O Grande Prémio de Mónaco apresenta-se como o palco perfeito para revelar as qualidades dos novos motores híbridos da Fórmula 1 para 2026, graças às características únicas das suas ruas estreitas e às múltiplas zonas de travagem que permitem uma recuperação de energia elétrica excecionalmente eficiente. No entanto, este cenário aparentemente vantajoso esconde um desafio inesperado: o excesso de energia armazenada pode tornar-se um problema para as equipas e pilotos.

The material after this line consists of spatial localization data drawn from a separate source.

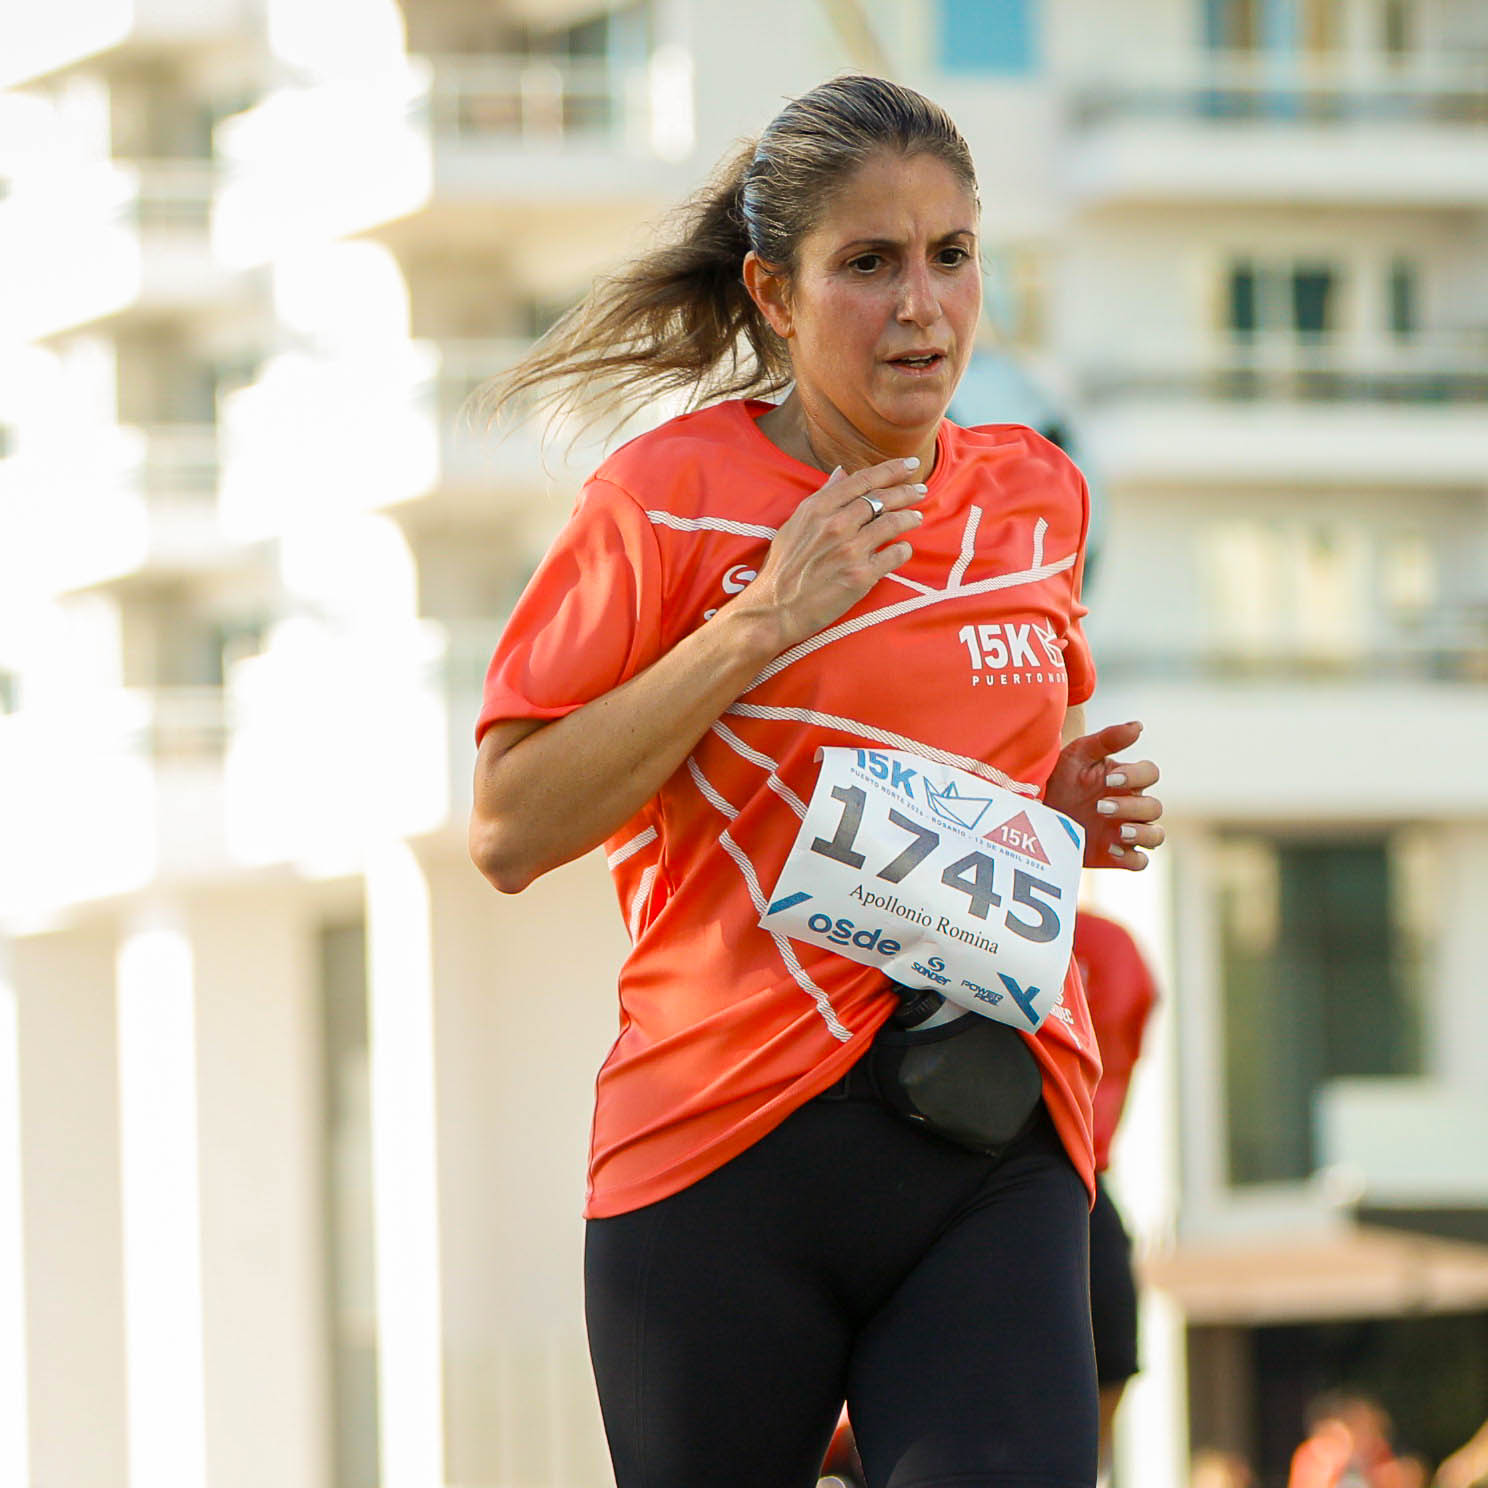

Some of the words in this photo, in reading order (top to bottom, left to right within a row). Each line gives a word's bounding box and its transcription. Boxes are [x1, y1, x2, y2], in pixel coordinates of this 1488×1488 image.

[959, 623, 1041, 669] 15K
[972, 673, 1043, 686] PUERTO
[850, 748, 917, 799] 15K
[1000, 825, 1037, 854] 15K
[810, 785, 1062, 943] 1745
[807, 913, 902, 956] osde
[849, 884, 932, 928] Apollonio
[936, 915, 1000, 954] Romina
[960, 979, 1004, 1001] POWER

Diferentemente do traçado do Canadá, onde a recuperação de energia durante a qualificação é limitada a apenas 6 MJ por volta, em Mónaco a FIA autorizou o máximo permitido de 9 MJ, igualando o valor de circuitos como a China. Com tantas zonas lentas, a gestão da energia não será um obstáculo este fim de semana, mas a ausência de retas longas para descer a potência, bem como o limite específico para o MGU-K começar a perder potência a partir dos 200 km/h — em vez dos 290 km/h habituais noutros circuitos — colocam as equipas perante um equilíbrio delicado.
Liam Lawson, piloto da Red Bull, antecipa as dificuldades: “Há o risco de termos energia a mais, o que pode complicar as coisas. Normalmente temos pouca energia, mas aqui não é tão simples como ter a bateria sempre carregada. Isso pode causar muitos outros problemas que teremos de gerir, especialmente na primeira volta, quando todos circulam devagar e não podemos usar a energia, o que torna tudo mais complicado.”
Este fenómeno não é novo, mas ganhou nova relevância com as atuais regras. Um excesso de energia recolhida pode forçar alterações na forma como a unidade motriz opera, especialmente porque a bateria pode atingir rapidamente o limite máximo de armazenamento, impedindo que o MGU-K converta energia cinética em energia elétrica adicional. Sem essa capacidade, o turbo sofre para atingir o regime ideal, aumentando o atraso na resposta do acelerador, sobretudo em zonas de baixa velocidade e na saída das curvas lentas.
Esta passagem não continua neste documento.